Freedom of art celebrated at Iowa State

Iowa cartoonist Brian Duffy speaks about the First Amendment and art during the Freedom of Art Panel on Wednesday, April 10, 2013, in the Great Hall of the Memorial Union.

Brian Day

Nowhere in the First Amendment does it say anything about the freedom of art, but does that mean that artists don’t have the same Freedom of Speech rights as everyone else?

On Wednesday, April 10, 2013, in the Great Hall of Memorial Union, Brian Duffy and Heidi Wastweet spoke to a crowd of about 60 people about their unique forms of Freedom of Speech, and their struggles with the First Amendment.

Heidi Wastweet is a medal sculptor, and her specialty is in bas-relief bronzes. She sits on the Citizens Coinage Advisory Committee, which works with the treasury on the designs of all coins in the United States.

Wastweet spoke mostly of how she uses coins and sculptures as a medium of Freedom of Speech. In ancient times, they used the faces of their leaders on their currency, just as is common today. Heidi noted that back before there was television, radio or newspaper, people relied on the changing of the faces on the coins to know when a political leader has died or been taken over.

Heidi also uses the medals she sculpts to depict Freedom of Speech. Though the images she is sculpting for others may not always convey her religious, political or educational beliefs, she will always use the skills she has to protect the Freedom of Speech for others.

“Use whatever medium you have to exercise these rights that have been given to you. Don’t take them for granted; use them however you want,” Wastweet said.

Brian Duffy is an editorial cartoonist whose work has been published in the Des Moines Register for the last 25 years.

Duffy spoke of how editorial cartooning is a lost art that nobody really wants to get into anymore, but nevertheless is still a great example of Freedom of Speech.

Duffy said that many people don’t get their news from a newspaper anymore, and the majority of the news is viewed online, which is why editorial cartoons are going extinct.

Cartoons also involve a lot more words and exaggeration than they used to, and that’s not what people are interested in.

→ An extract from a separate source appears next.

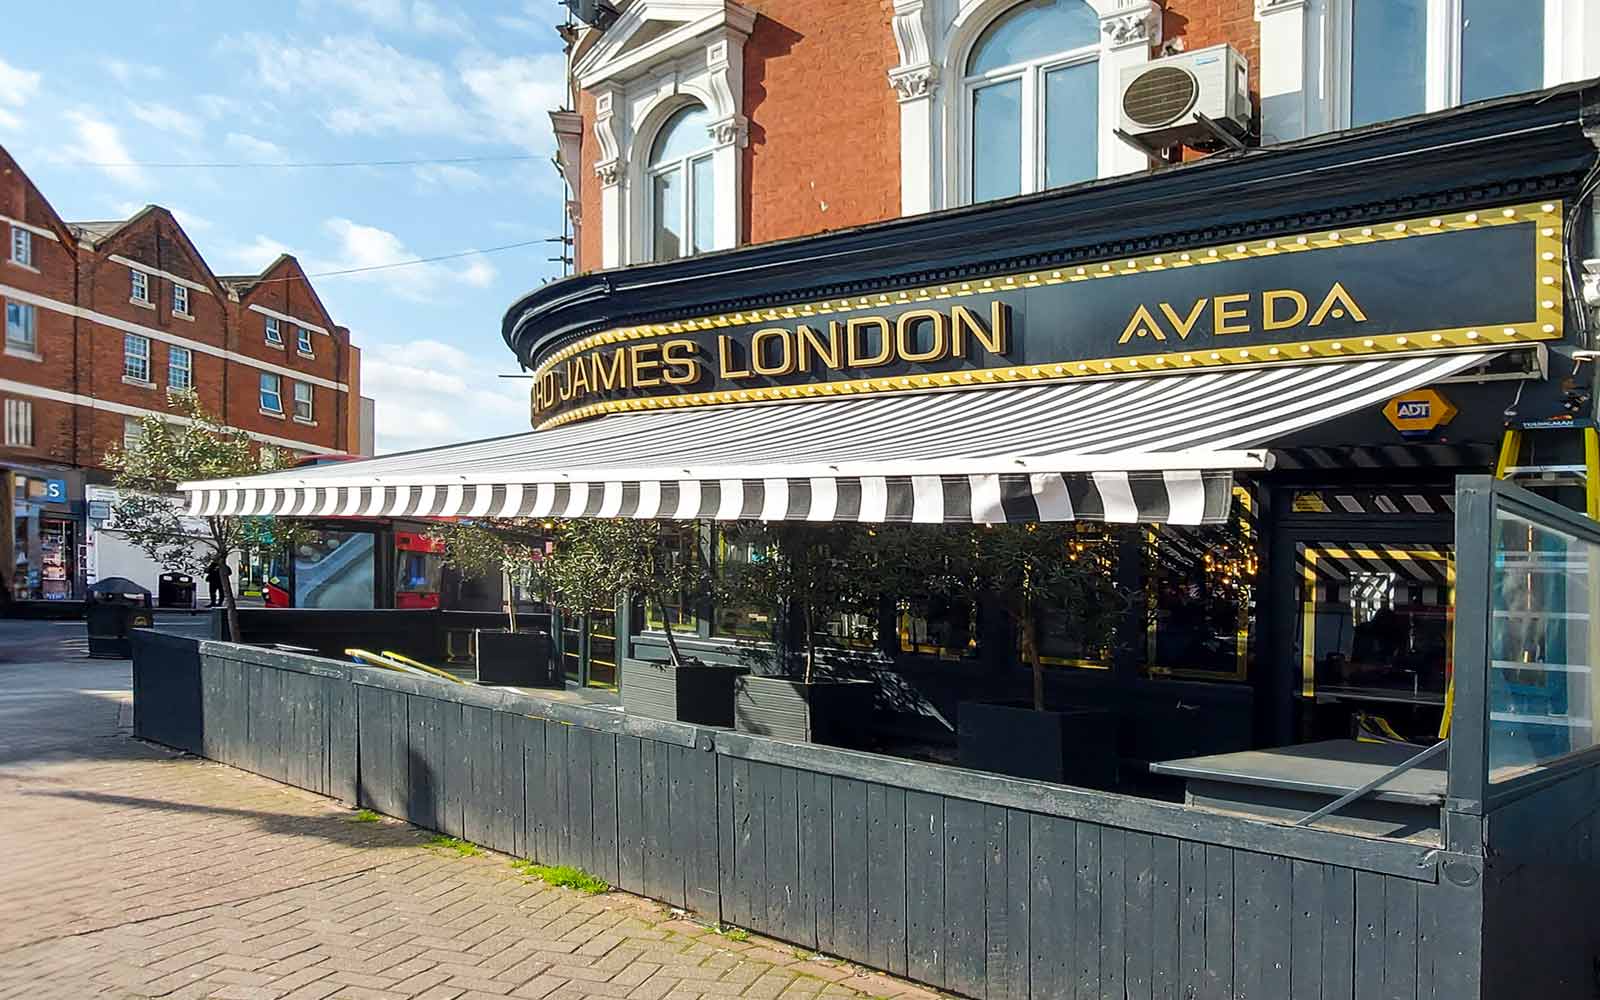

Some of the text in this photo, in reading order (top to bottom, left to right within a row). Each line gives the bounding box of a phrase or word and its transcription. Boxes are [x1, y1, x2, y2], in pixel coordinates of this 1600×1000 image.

[1118, 282, 1368, 344] AVEDA
[532, 300, 1005, 413] RD JAMES LONDON
[1398, 403, 1430, 416] ADT

“It’s a tough road in the future for the First Amendment, and not so much by judicial things, but by just what’s happening naturally,” Duffy said.

Geoffrey Moore, junior in agronomy, said he attended the lecture for his English class to evaluate the speakers and the gestures they were using.

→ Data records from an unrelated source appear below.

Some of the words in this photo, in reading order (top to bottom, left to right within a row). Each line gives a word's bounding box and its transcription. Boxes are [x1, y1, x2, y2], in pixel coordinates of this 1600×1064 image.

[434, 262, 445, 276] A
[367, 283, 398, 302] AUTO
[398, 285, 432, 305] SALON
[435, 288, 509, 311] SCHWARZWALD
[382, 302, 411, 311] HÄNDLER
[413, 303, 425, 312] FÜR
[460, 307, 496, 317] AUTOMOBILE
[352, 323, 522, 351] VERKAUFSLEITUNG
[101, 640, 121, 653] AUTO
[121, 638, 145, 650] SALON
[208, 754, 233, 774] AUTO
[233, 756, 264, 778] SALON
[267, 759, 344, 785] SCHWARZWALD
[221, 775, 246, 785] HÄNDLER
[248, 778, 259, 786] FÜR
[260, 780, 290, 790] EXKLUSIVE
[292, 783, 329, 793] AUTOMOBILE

“I thought they were good,” Moore said. “They had some interesting facts, and I learned a few things.”

The lecture was put on in honor of First Amendment Day at Iowa State by the Greenlee School of Journalism and Communication, Iowa State Daily, Lee Enterprises, First Amendment Day Planning Committee, the ISU chapter of the Society of Professional Journalists and Committee on Lectures.